C’est alors que Masoma, qui était encore à l’école à l’époque, s’est mise en tête de faire en sorte que d’autres personnes ne soient pas confrontées à des situations similaires. « Je poursuis mes études avec passion et enthousiasme. Je veux pouvoir servir ma communauté. »
Une occasion en or
Les 80 femmes qui participent au programme de formation des sages-femmes sont issues de familles modestes et viennent de régions isolées. Elles affichent toutes une grande motivation, notamment parce que cette formation est l’une des rares opportunités encore offertes aux femmes afghanes de poursuivre leurs études, puisqu’elle relève du secteur de la santé, qui est exempté des interdictions introduites par les autorités afghanes en 2021. Celles-ci interdisent aux femmes de travailler dans de nombreux domaines et d’aller à l’école ou à l’université après la 6e année d’études.
« C’est une occasion en or pour ces jeunes femmes de pouvoir continuer à étudier, de jouer un rôle actif dans la société et de servir leurs communautés », explique Najiba Ahmadi, responsable de terrain auprès de l’association WSTA (Watan Social and Technical Service Association), partenaire du HCR, qui gère le programme de formation des sages-femmes.
Elle raconte que lorsque le projet a été lancé, l’association a été inondée de demandes. « Aujourd’hui encore, chaque jour, des centaines de filles viennent au bureau pour demander si nous prévoyons une autre formation afin qu’elles puissent y participer. »
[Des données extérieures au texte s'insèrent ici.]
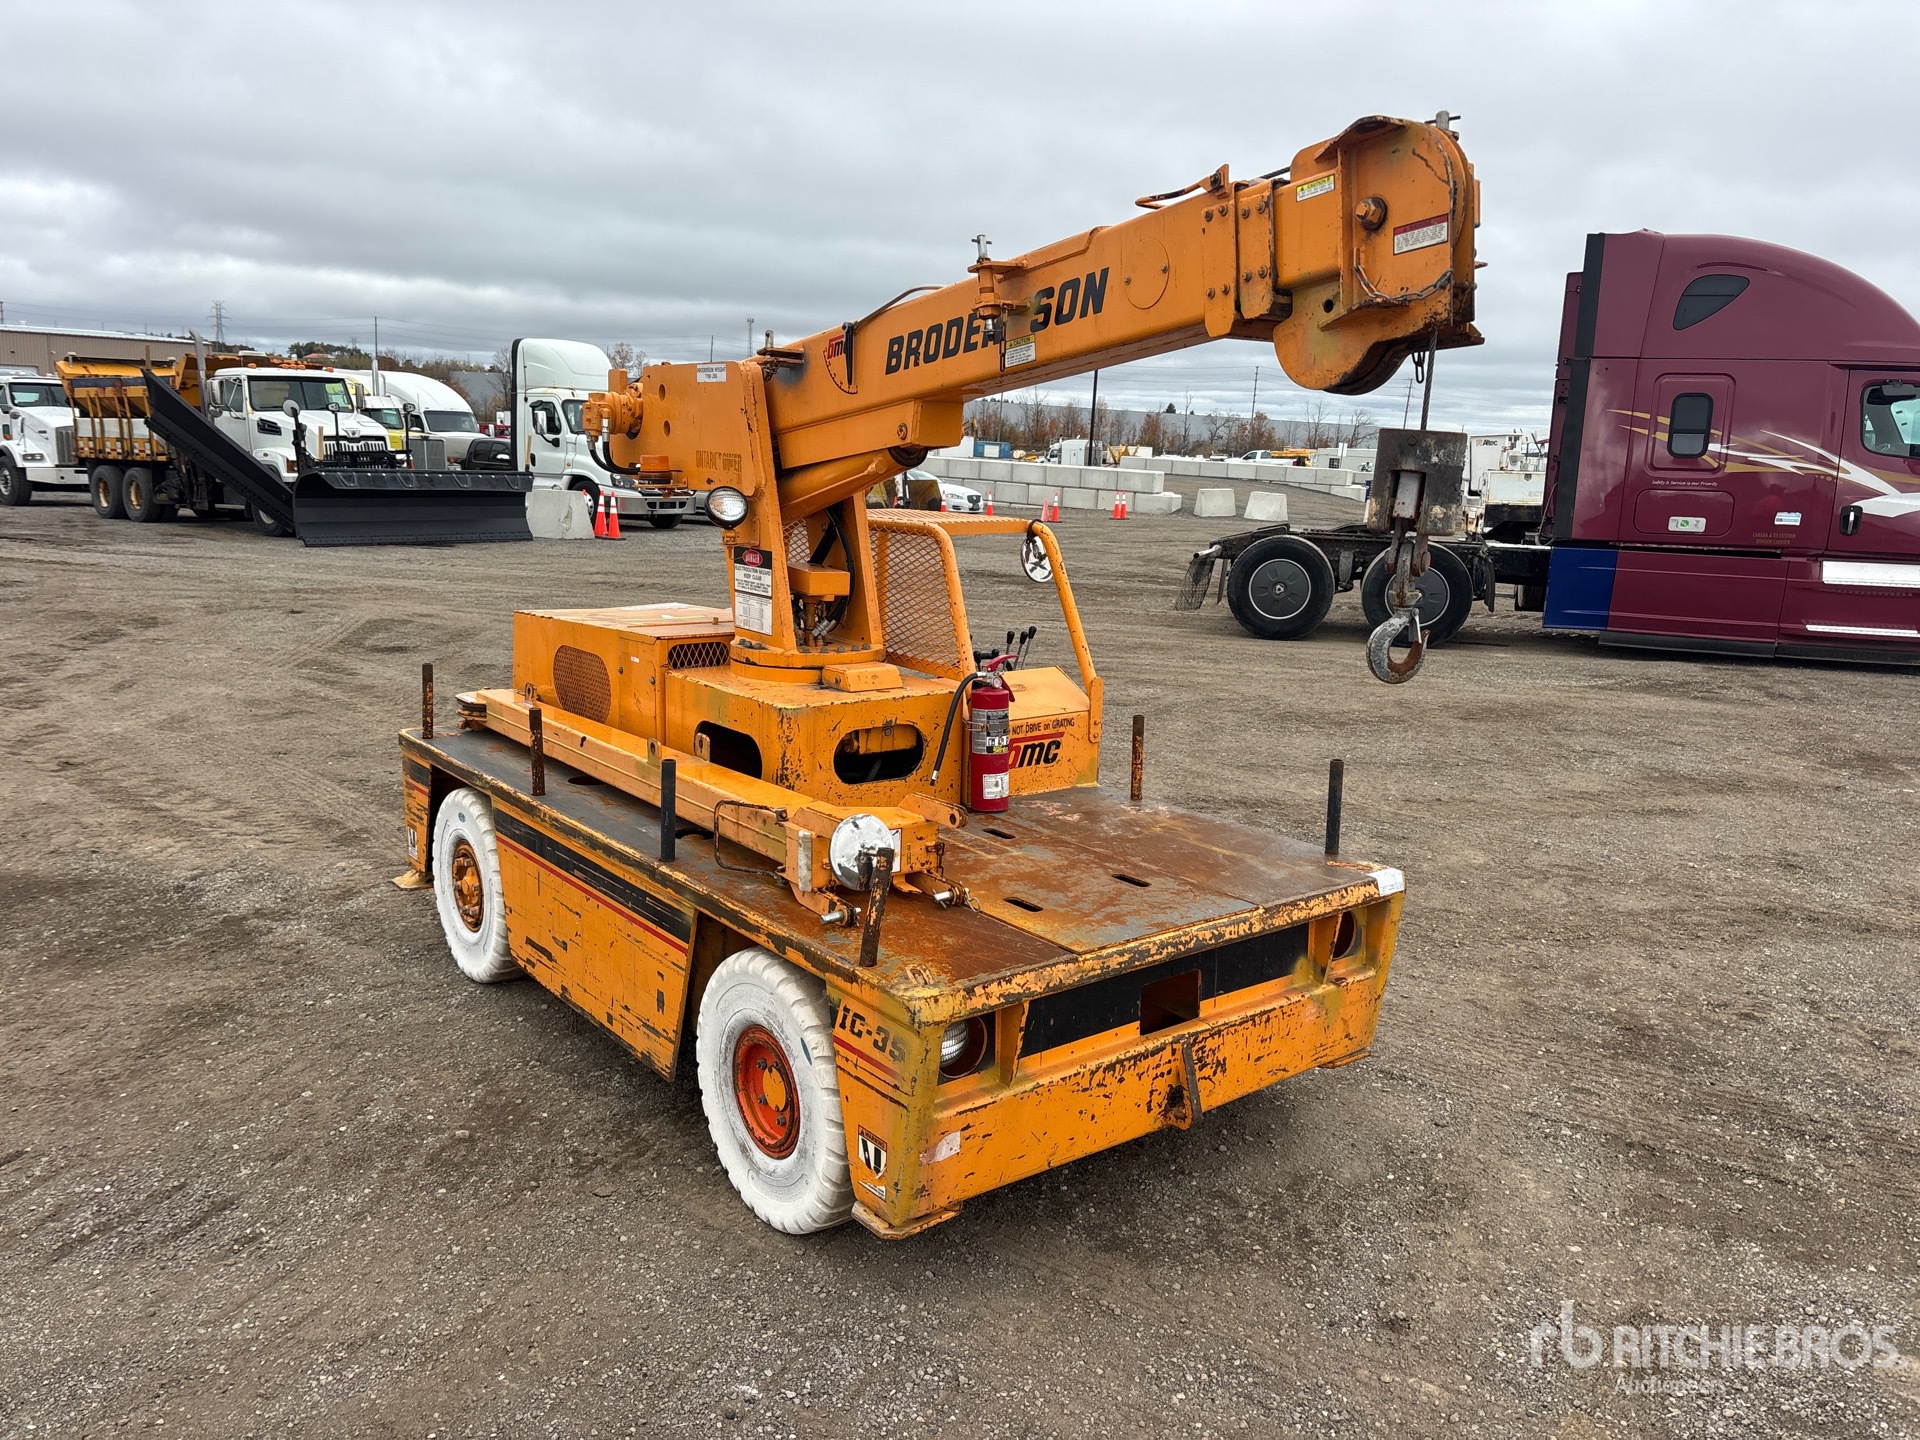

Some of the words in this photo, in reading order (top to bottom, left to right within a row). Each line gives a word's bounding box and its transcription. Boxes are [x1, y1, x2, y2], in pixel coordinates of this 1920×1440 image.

Des souffrances inacceptables
La bonne nouvelle est que le HCR prévoit de mettre en place un autre programme de deux ans dans les deux provinces l’année prochaine et espère lancer des formations similaires dans d’autres provinces l’année suivante.
Mais il reste encore un long chemin à parcourir pour parvenir à réduire les taux inacceptables de mortalité maternelle et infantile en Afghanistan. Un superbe tableau cousu à la main et accroché à l’hôpital provincial de Bamyan, où les apprenties sages-femmes sont formées, montre une femme transportée par deux hommes sur un brancard en bois, après qu’elle soit morte en couches en tentant de rejoindre l’hôpital le plus proche, situé à 120 kilomètres de là.
De retour dans le village de Qazan, Rahela, qui a perdu son troisième enfant, discute avec Shukria, l’une des apprenties sages-femmes, originaire du même village. « Si nous pouvions avoir des sages-femmes comme Shukria ici, alors les choses iraient mieux et nous serions heureuses », dit-elle. Son mari, Ahmad, un agriculteur, acquiesce. « S’il y avait plus de médecins et de cliniques dans la région, les problèmes des femmes seraient résolus plus rapidement. »
Pour Shukria, 22 ans, cette visite à domicile ne fait que renforcer sa détermination à revenir dans sa communauté en tant que sage-femme pleinement formée.
Elle conclut : « Chaque fois que je viens au village et que je vois des mères comme Rahela, je suis motivée pour travailler plus dur et étudier davantage, afin de devenir une bonne sage-femme et de pouvoir prévenir la mort de ces mères et de ces enfants. »
Publie par le HCR, le 25 octobre 2023.